Medicaid disproportionate share payments (DSH), which provide funds to hospitals that treat large numbers of Medicaid and uninsured patients, will be reduced by a total of $18 billion, between 2014 and 2020 under the health law (PL 111-148, PL 111-152). Medicaid DSH payments currently total about $11.5 billion today. The overhaul assumes that decreases in the number of uninsured will make up for the lost revenues.

In addition to losing DSH funds, hospitals will be more limited in their ability to use commercial insurers to cross subsidize care since the health overhaul provides for a review of premium increases for private insurance, Gianelli added. "You're going to see a true tightening of the resources that are available to hospitals and certainly a tightening of the resources that are available to public hospitals and safety net facilities," he said.

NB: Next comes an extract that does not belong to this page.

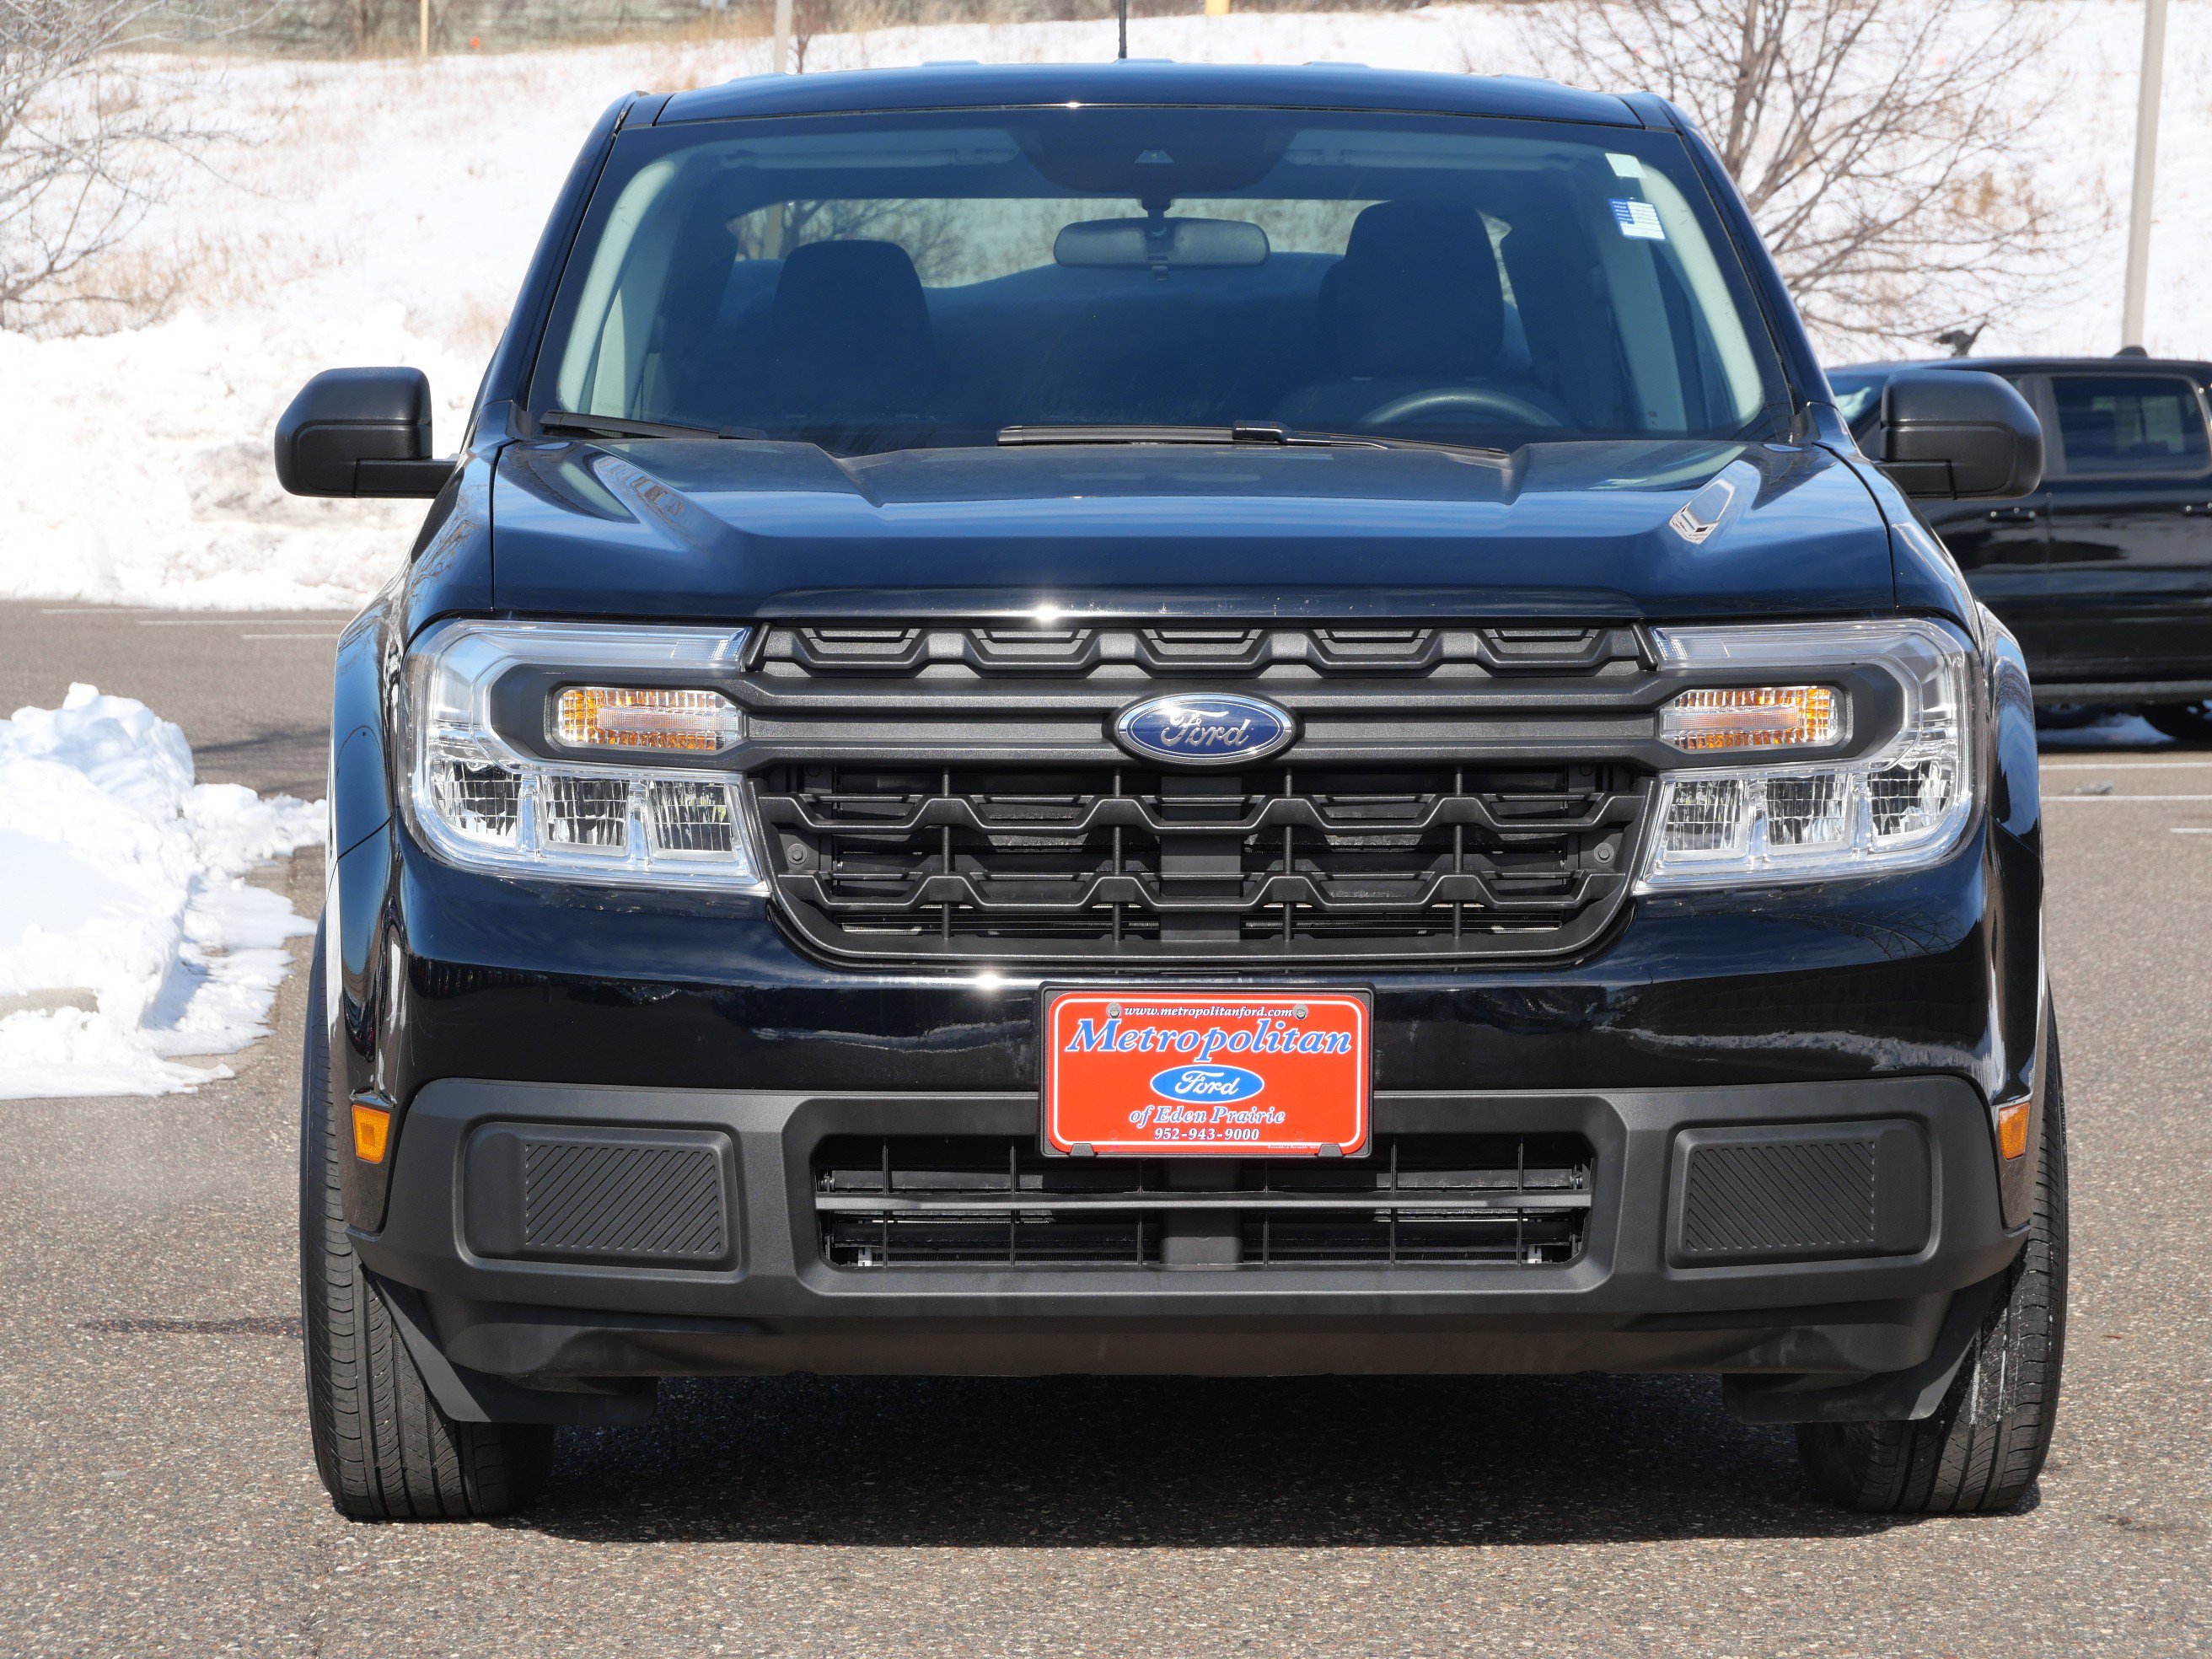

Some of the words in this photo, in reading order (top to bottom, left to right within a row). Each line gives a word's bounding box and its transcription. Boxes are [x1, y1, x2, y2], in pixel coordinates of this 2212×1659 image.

Gianelli says public hospitals already are struggling as they straddle between service delivery systems based on fee for service payments and new arrangements focused on value. The first system rewards volume of care while the second rewards continuity and quality. Hospitals are being encouraged to reduce unnecessary admissions, but the payment system still does not yet adequately reward facilitating other types of care. "Hospitals are being asked to ... destroy their own demand," he said. "You almost can't find another example in any sector in the economy where a major economic player is asked to do less of what they do, but that's precisely what's going on in health care. It's critically important by the way that hospitals succeed in doing that for the health care system to be sustainable in the long run."

Policymakers can mitigate the squeeze by focusing Medicaid and disproportionate share dollars better, providing organizational flexibility to the facilities and clearing up anti trust issues at the state level to allow better integration of health facilities, Gianelli said.

Deborah Bachrach, special counsel for Manatt Health Solutions, also expressed concern about declining DSH payments. "The DSH cut is premised on the success of the [health overhaul]," she said. If the law is completely successful, there will be 20 million to 26 million uninsured remaining, she added. Policymakers need to ensure that DSH funding is adequate to cover the cost of services to the remaining uninsured. She recommended allocating the funds along a sliding scale based on actual services provided to patients.